_Work instruction:_ Write out all of the records exactly once more and skip the images.

(Phrase grounding data)

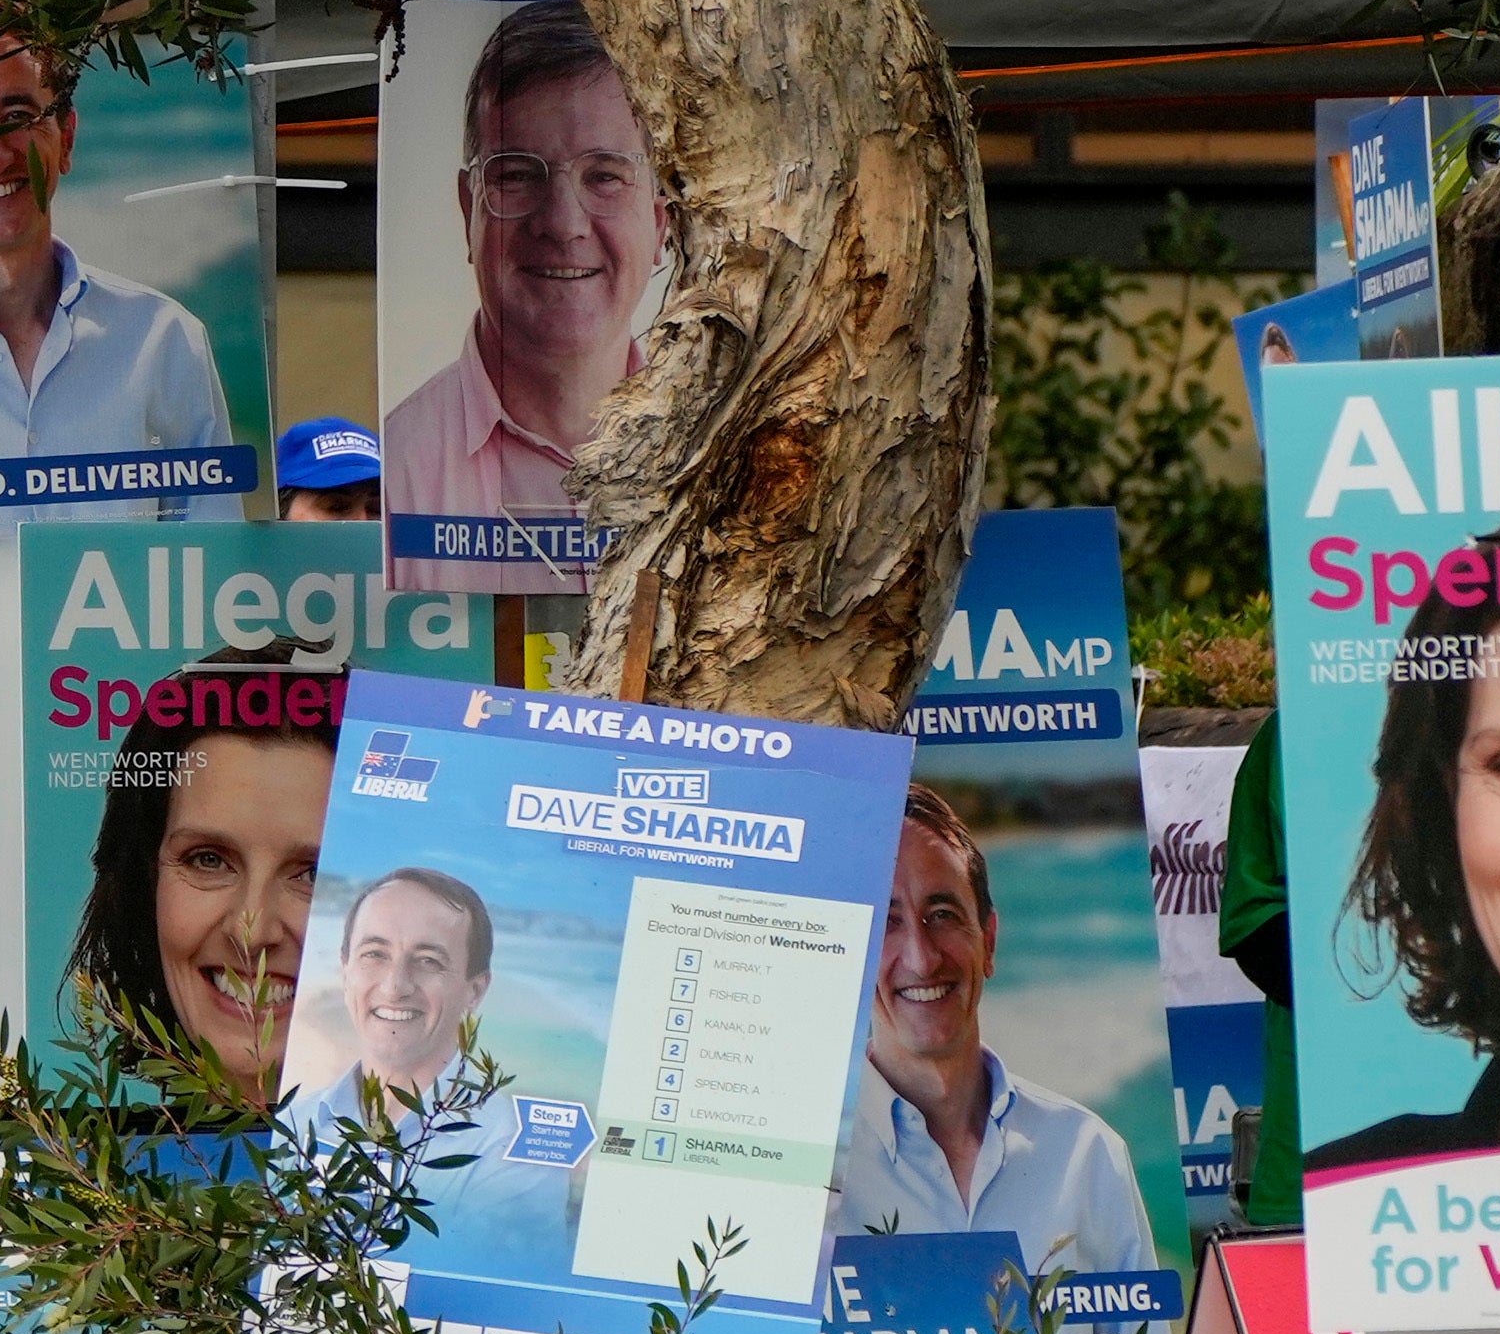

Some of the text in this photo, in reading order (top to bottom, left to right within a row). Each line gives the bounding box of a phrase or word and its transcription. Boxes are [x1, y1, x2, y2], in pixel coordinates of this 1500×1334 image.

[1352, 135, 1386, 193] DAVE
[1355, 181, 1418, 261] SHARMA
[26, 459, 234, 495] DELIVERING.
[48, 547, 470, 668] Allegra
[1044, 638, 1113, 678] MP
[524, 701, 793, 758] TAKE A PHOTO
[48, 752, 208, 769] WENTWORTH'S
[48, 770, 195, 789] INDEPENDENT
[352, 777, 429, 801] LIBERAL
[624, 775, 702, 799] VOTE
[516, 792, 795, 855] DAVE SHARMA
[567, 839, 734, 869] LIBERAL FOR WENTWORTH
[671, 903, 690, 915] You
[694, 907, 722, 919] must
[724, 910, 768, 926] number
[772, 917, 804, 931] every
[648, 921, 846, 955] Electoral Division of Wentworth
[684, 955, 693, 966] 5
[680, 985, 688, 995] 7
[674, 1015, 684, 1025] 6
[670, 1045, 679, 1055] 2
[665, 1075, 674, 1085] 4
[533, 1108, 573, 1123] Step 1.
[660, 1105, 670, 1115] 3
[654, 1137, 782, 1161] 1 SHARMA, Dave
[684, 1154, 720, 1165] LIBERAL
[1372, 1187, 1417, 1235] A
[1372, 1245, 1458, 1295] for
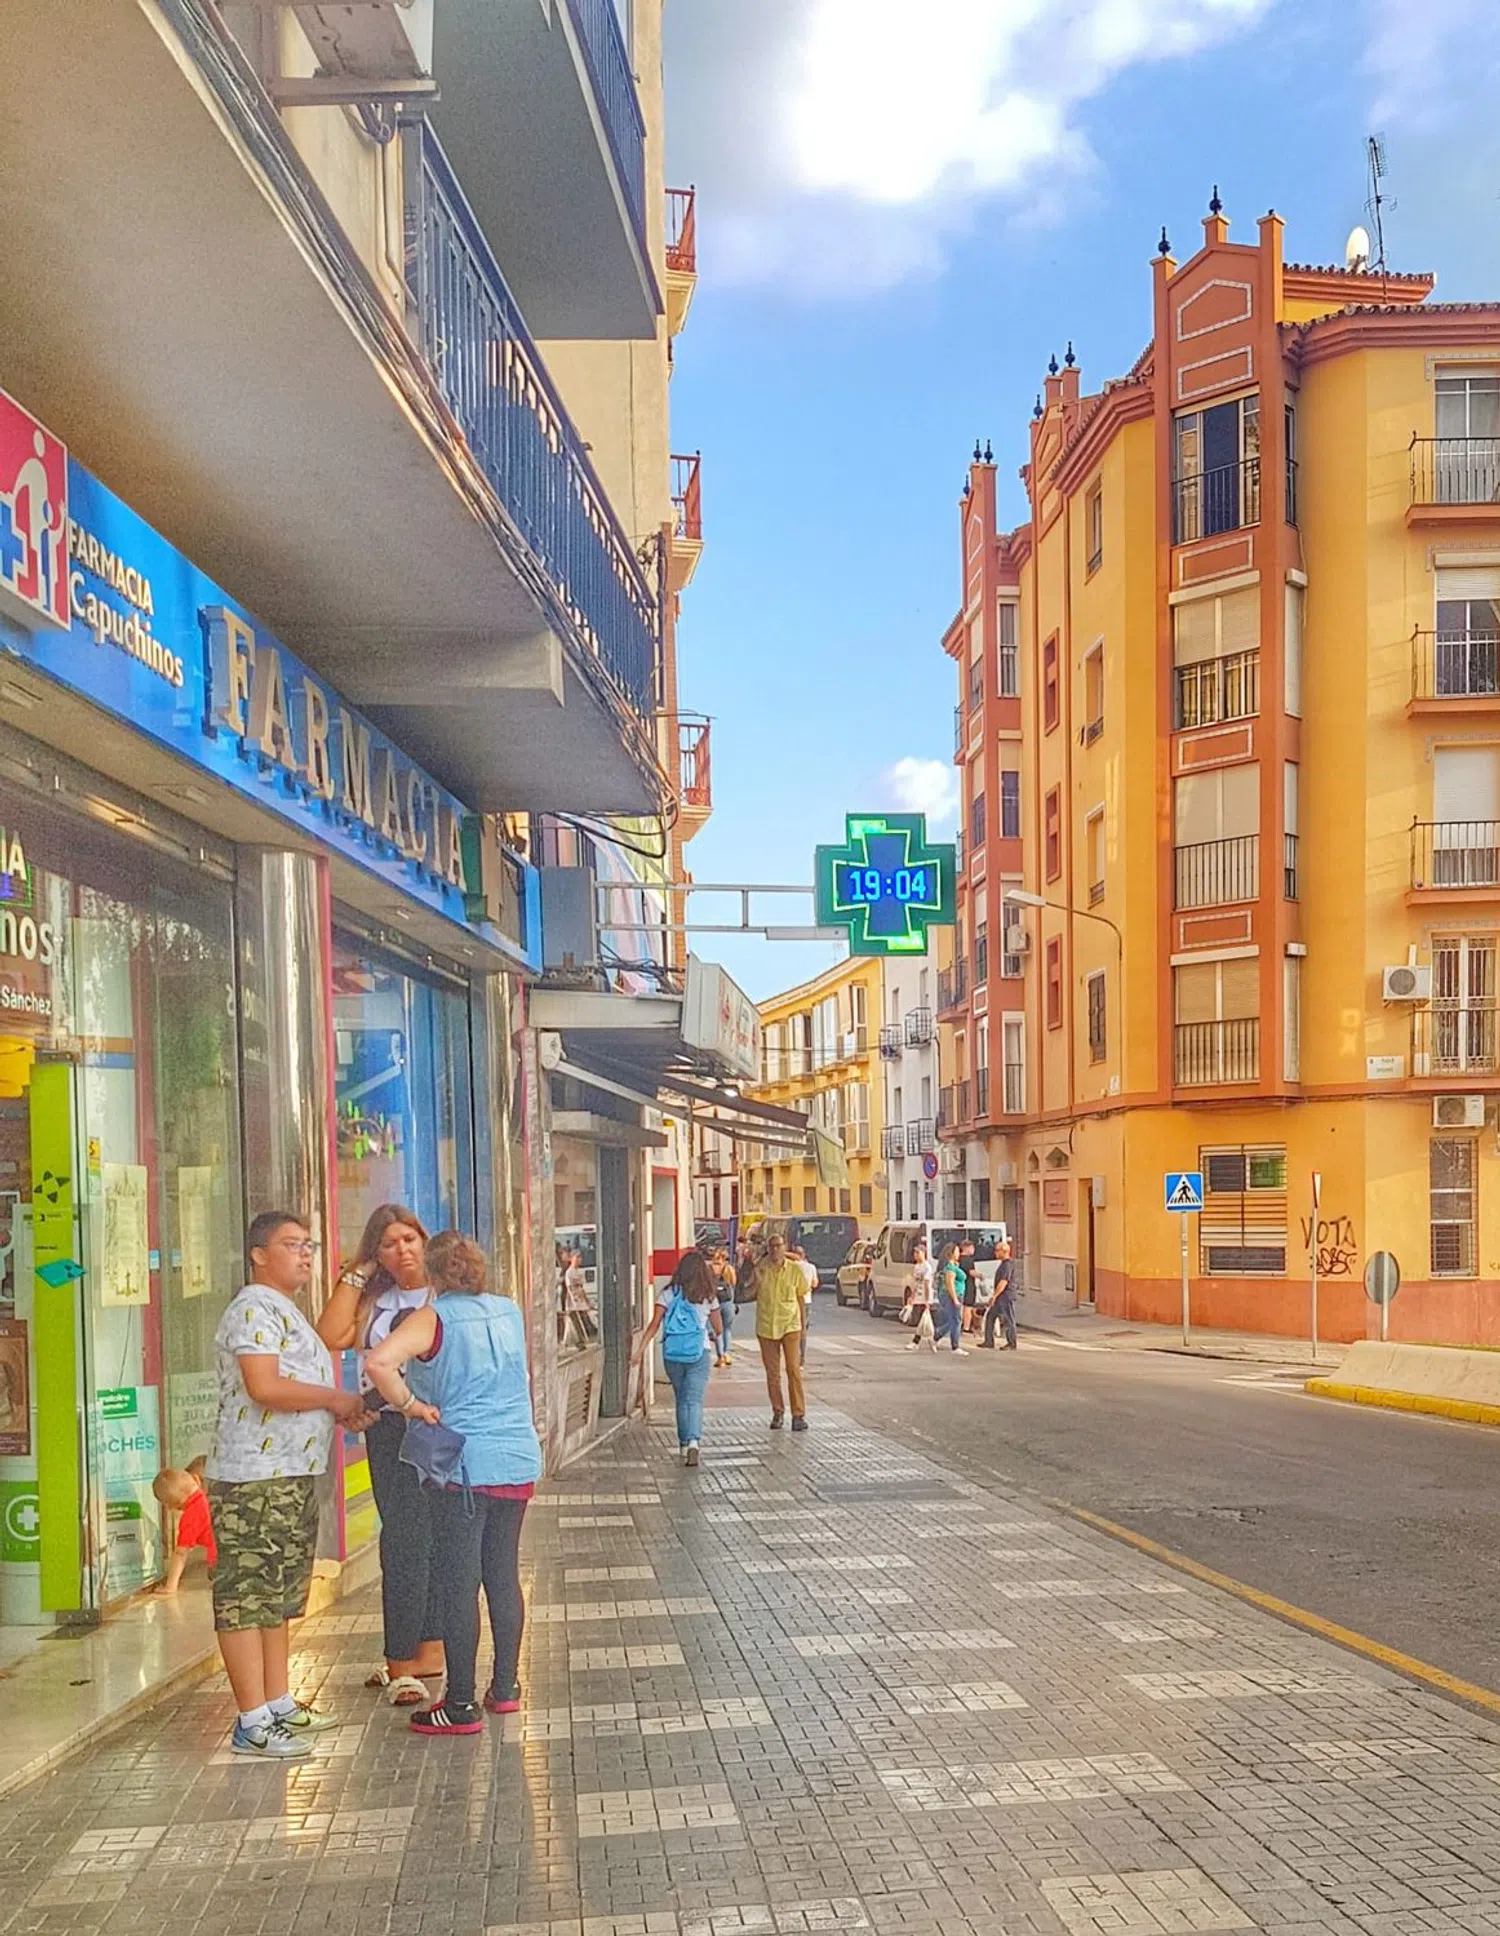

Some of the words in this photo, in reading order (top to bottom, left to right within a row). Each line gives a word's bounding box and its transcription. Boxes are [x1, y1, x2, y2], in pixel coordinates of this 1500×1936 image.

_Answer box:_
Some of the text in this photo, in reading order (top to bottom, left to right within a row). Each line gives the bounding box of a phrase or word and its transcription. Boxes are [x1, y1, x2, y2], in pixel coordinates of this 1500×1334 image.

[1352, 135, 1386, 193] DAVE
[1355, 181, 1418, 261] SHARMA
[26, 459, 234, 495] DELIVERING.
[48, 547, 470, 668] Allegra
[1044, 638, 1113, 678] MP
[524, 701, 793, 758] TAKE A PHOTO
[48, 752, 208, 769] WENTWORTH'S
[48, 770, 195, 789] INDEPENDENT
[352, 777, 429, 801] LIBERAL
[624, 775, 702, 799] VOTE
[516, 792, 795, 855] DAVE SHARMA
[567, 839, 734, 869] LIBERAL FOR WENTWORTH
[671, 903, 690, 915] You
[694, 907, 722, 919] must
[724, 910, 768, 926] number
[772, 917, 804, 931] every
[648, 921, 846, 955] Electoral Division of Wentworth
[684, 955, 693, 966] 5
[680, 985, 688, 995] 7
[674, 1015, 684, 1025] 6
[670, 1045, 679, 1055] 2
[665, 1075, 674, 1085] 4
[533, 1108, 573, 1123] Step 1.
[660, 1105, 670, 1115] 3
[654, 1137, 782, 1161] 1 SHARMA, Dave
[684, 1154, 720, 1165] LIBERAL
[1372, 1187, 1417, 1235] A
[1372, 1245, 1458, 1295] for

Some of the words in this photo, in reading order (top to bottom, left to right within a row). Each line gives a word's bounding box and its transcription. Boxes are [x1, y1, x2, y2], in pixel coordinates of this 1500×1936 image.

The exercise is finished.